Monday, March 8, 2010

Shhhhhhhhh

Shhhhhhh. The kitty is sleeping. Ah, I lied. The kitty isn’t sleeping. A pussy willow tree is coming out into fuzzy bud just peeking out of its winter bed.

I walked around the lake. Everyone around here knows about Commonwealth Lake with ducks and geese squawking and chasing one another. Bicycled riders dodging walker on the path. Dogs greeting one another or trying to get past their owners to that other growling piece of fur.

Shhhhh. I want all of them to go away.

Being alone in the midst of noise is a learned talent. I have found over the years that the places I desire to absorb and enjoy are often overrun by tourists, children or traffic. The zoo, Japanese Gardens, Rose Gardens, Cannon Beach even Ft. Vancouver all attract pedestrians, those who invade my space.

Shhhhh. I want all of them be quiet and go away.

I long to sit in the Pittock Mansion alone listening for the ghosts to tell me their story. I want to sit looking over Mt. St. Helens without a tour guide or other visitors oohing and aahing. How about a quiet campfire on the spot where Lewis and Clark talked over their plans?

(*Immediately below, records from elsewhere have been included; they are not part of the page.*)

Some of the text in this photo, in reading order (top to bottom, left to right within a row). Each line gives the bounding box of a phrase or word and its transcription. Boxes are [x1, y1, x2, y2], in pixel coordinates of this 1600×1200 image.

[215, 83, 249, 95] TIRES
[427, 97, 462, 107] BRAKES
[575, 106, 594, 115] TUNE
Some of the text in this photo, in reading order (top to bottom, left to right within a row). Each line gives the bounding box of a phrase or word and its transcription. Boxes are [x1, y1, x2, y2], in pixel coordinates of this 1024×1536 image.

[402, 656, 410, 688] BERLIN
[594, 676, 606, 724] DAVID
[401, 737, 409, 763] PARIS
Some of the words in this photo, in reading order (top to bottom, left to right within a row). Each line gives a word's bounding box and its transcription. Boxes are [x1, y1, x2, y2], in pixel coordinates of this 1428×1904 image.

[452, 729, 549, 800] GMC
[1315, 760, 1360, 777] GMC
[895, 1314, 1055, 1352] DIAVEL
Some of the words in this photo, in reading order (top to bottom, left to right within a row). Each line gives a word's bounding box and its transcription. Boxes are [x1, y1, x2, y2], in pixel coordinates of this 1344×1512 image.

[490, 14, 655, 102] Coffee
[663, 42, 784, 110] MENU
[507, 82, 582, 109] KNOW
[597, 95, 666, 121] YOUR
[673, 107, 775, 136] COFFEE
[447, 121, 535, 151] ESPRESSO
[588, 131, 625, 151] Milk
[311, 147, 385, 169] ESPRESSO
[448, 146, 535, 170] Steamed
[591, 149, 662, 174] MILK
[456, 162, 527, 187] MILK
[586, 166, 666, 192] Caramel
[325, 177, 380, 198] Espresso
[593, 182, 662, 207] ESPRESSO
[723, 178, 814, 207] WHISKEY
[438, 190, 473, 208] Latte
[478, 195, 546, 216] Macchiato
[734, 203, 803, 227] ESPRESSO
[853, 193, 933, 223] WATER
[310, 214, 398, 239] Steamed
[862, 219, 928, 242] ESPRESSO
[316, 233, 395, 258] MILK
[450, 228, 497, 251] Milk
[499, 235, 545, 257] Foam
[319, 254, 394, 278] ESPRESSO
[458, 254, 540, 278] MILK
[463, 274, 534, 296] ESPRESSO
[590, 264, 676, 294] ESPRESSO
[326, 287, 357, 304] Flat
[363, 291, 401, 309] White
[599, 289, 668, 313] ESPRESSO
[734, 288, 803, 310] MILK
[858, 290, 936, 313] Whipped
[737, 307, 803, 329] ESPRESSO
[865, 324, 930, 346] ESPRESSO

Shhhhh. I want them all to go somewhere else and leave me alone. Literally, alone.

I don’t know when this desire captured me, this feeling of needing my space. Perhaps when I stood with my grandchildren watching an owl close by sitting on a limb looking back at us. Maybe it happened when I was walking the beach. It could be when I touched a pussy willow sitting at the end of a limb, the first peek at spring.

Shhhh. I want them to stop and look and listen, too.

I was taught at an early age to go slowly, to observe. To look at the sky as well as the ground. To peek under leaves and to listen to sounds beyond those which are human made. Maybe I want to capture that again, to be that much closer to the earth and my place in it. Maybe I want humanity to allow my grandchildren to find their place as part of the earth and the earth as part of them. I want the world to get on board. Understand what we have been given and what must be cherished and protected.

Shhhhhhhhhhhhhhhhhh. I want them to wake up and truly smell the roses.

1 comment:

  1. This is so lovely. I think we grow the most beautiful friendships of all when we can understand each others' quiet spaces.